Older data warehouse environments and ETL type integration tools are good at what they do, but they can’t meet many of the new needs. The new environments are focused on data processing, but require a lot of manual work.
The data lake must incorporate aspects of old data warehouse environments like connecting to and extracting data from ERP or transaction processing systems, yet do this without clunky and inefficient tools like Sqoop. The data lake also must support new capabilities like reliable collection of large volumes of events at high speed and
timely processing to make data available immediately. It must also support data coming from multiple sources in a hybrid model. This exceeds the abilities of traditional data integration tools.

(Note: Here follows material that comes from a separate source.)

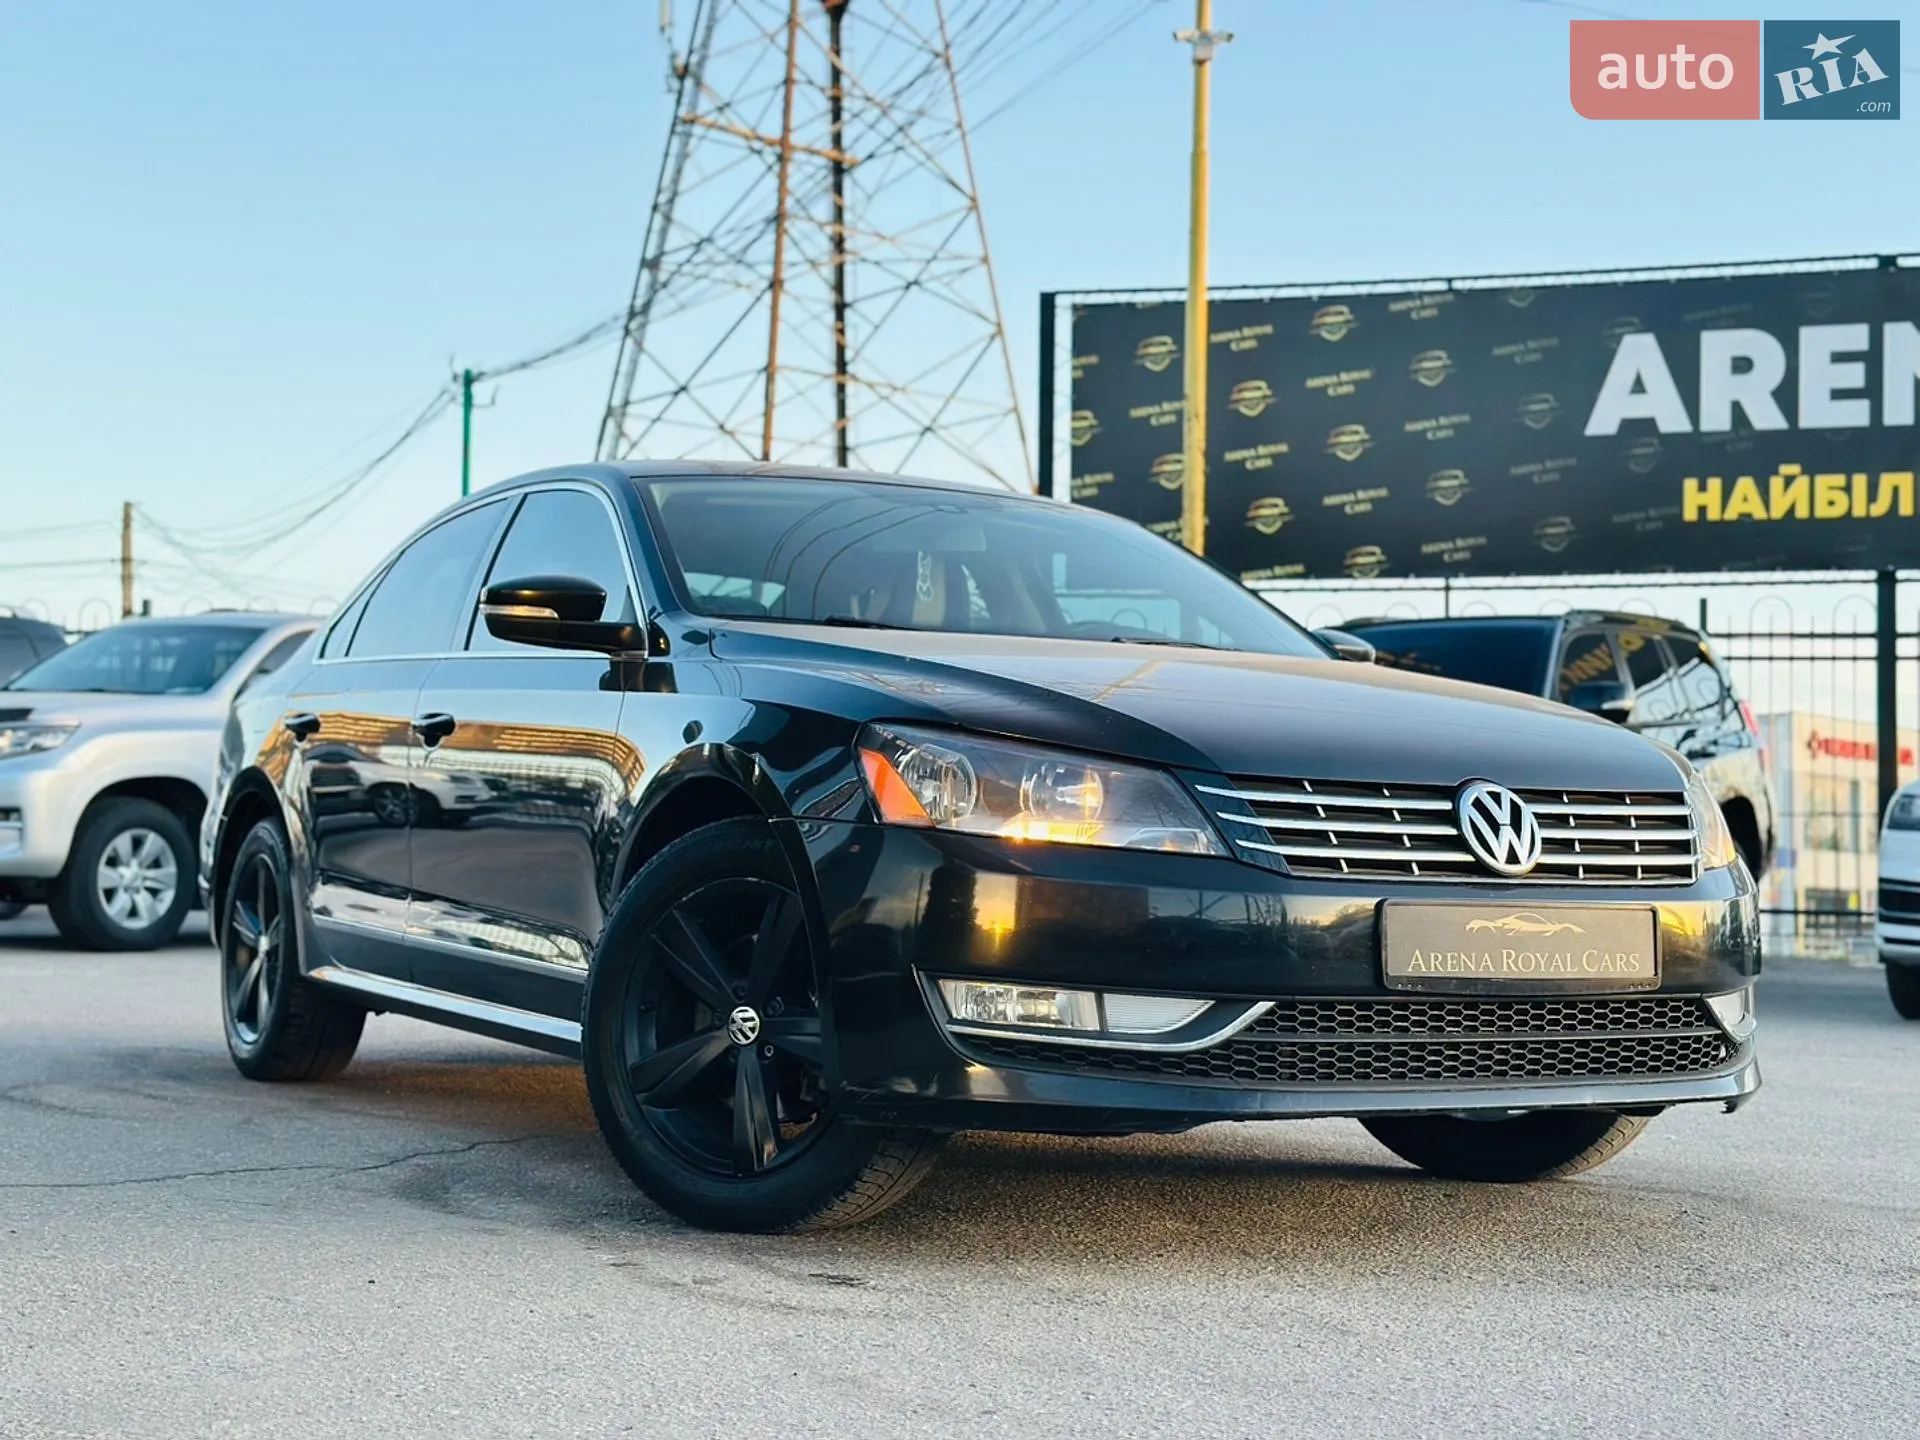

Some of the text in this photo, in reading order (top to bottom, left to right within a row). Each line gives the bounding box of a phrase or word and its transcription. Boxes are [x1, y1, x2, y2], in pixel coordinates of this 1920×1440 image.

[1682, 464, 1915, 522] НАЙБІЛ
[1407, 948, 1640, 973] ARENA ROYAL CARS
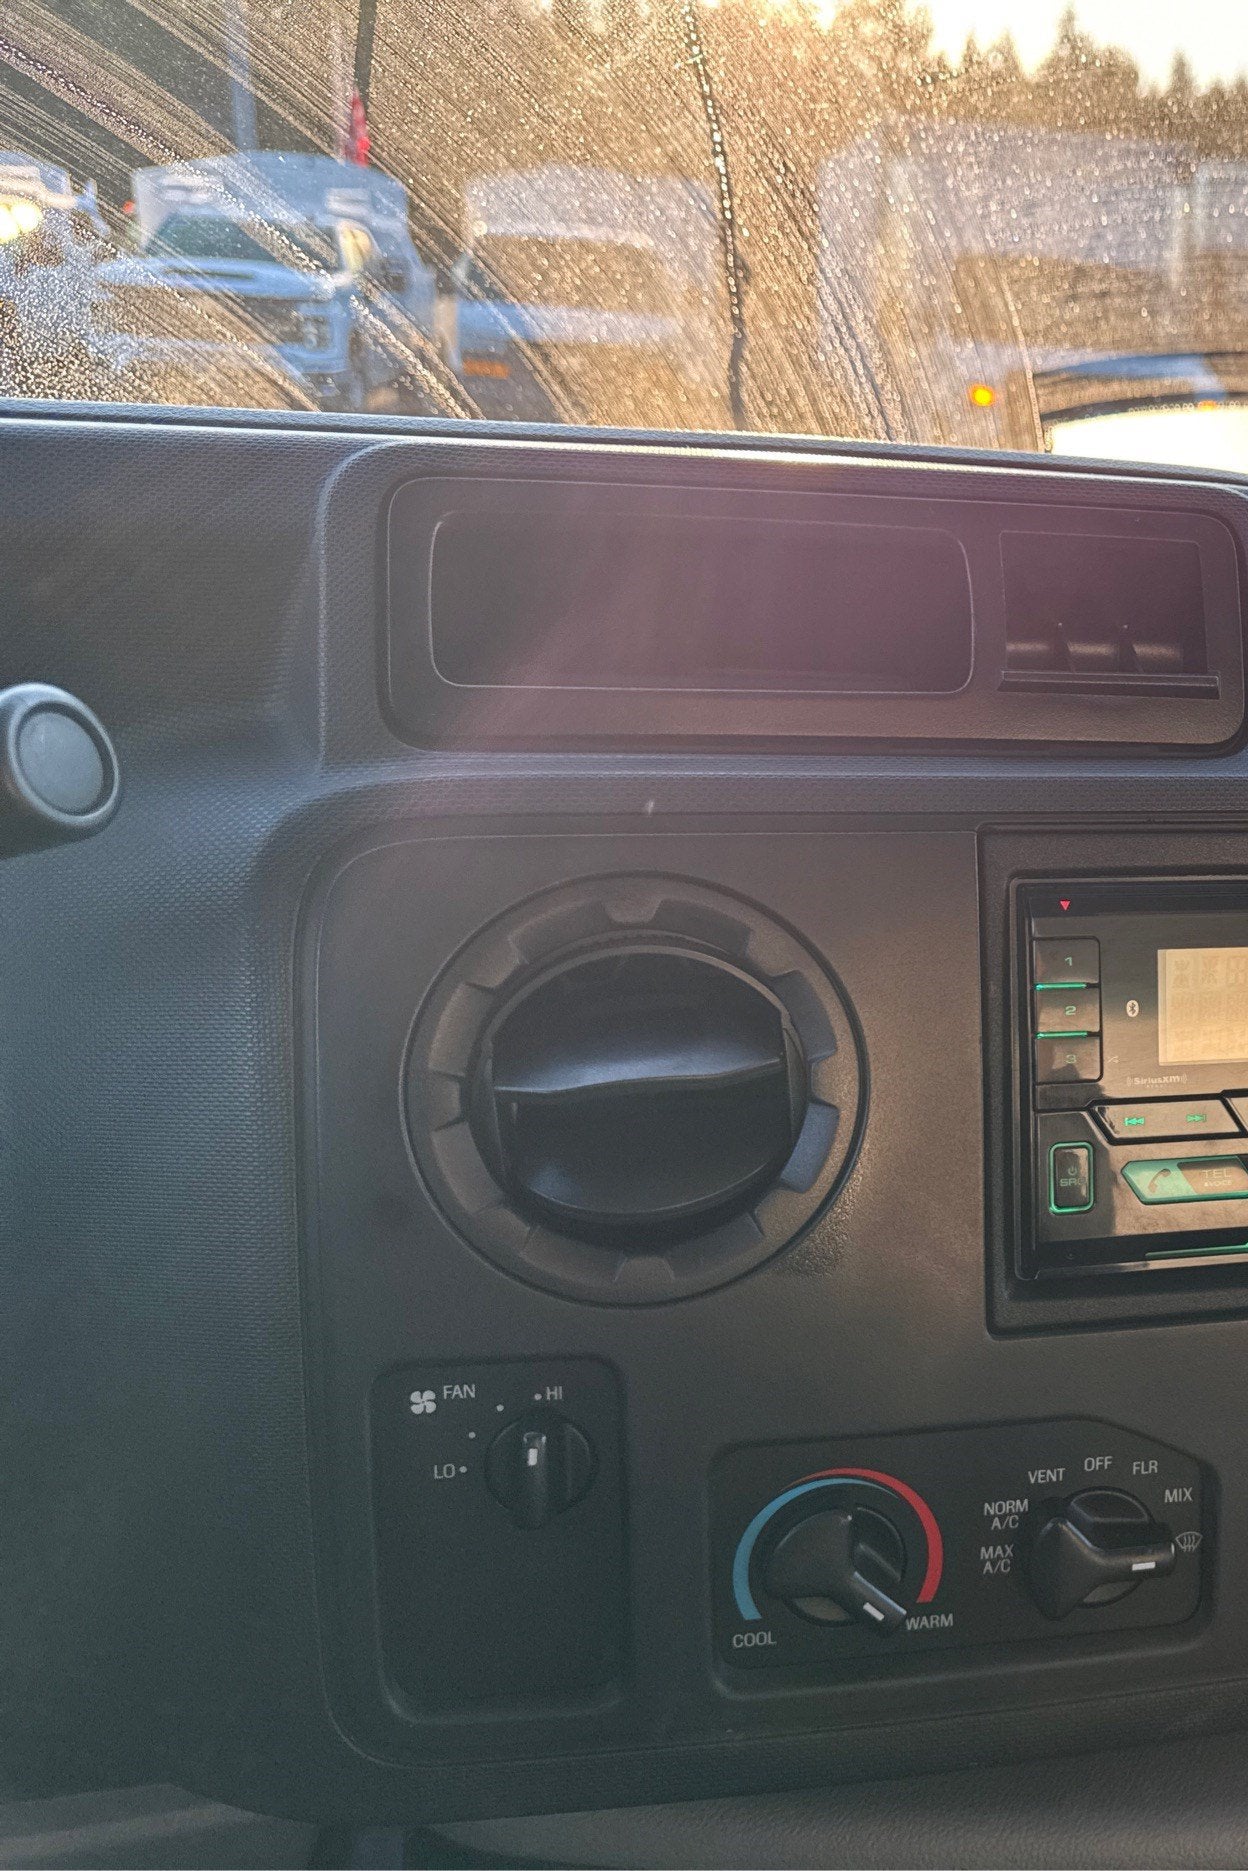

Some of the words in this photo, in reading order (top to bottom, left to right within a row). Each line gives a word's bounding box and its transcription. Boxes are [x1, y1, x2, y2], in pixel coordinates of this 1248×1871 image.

SnapLogic accelerates development of a modern data lake through:
Data acquisition: collecting and integrating data from multiple sources. SnapLogic goes beyond developer tools such as Sqoop and Flume with a cloud-based visual pipeline designer, and pre-built connectors for 300+ structured and unstructured data sources, enterprise applications and APIs.
Data transformation: adding information and transforming data. SnapLogic minimizes the manual tasks associated with data shaping and makes data scientists and analysts more efficient. SnapLogic includes Snaps for tasks such as transformations, joins and unions without scripting.
Data access: organizing and preparing data for delivery and visualization. SnapLogic makes data processed on Hadoop or Spark easily available to off-cluster applications and data stores such as statistical packages and business intelligence tools.
Here is an example of a SnapLogic deployment.
The SnapLogic control plane – including he Designer, Manager and Dashboard - does not store your data. It’s metadata only.
Once a pipeline is executed, it looks for the associated Snaplex or Hadooplex. The plex dynamically scales out, adding more nodes as needed.
We like to say that SnapLogic “respects data gravity” and runs as close to the data as need be. If you are integrating only cloud applications, it would make no sense to run your integrations behind the firewall. Similarly, if you’re doing ground to ground or cloud to ground, you may want to run your Snaplex on Window or Linux servers.
Note that the dotted line is sending instructions via metadata to the plex, which is waiting to run. The solid line indicates how data movies bi-directionally between systems.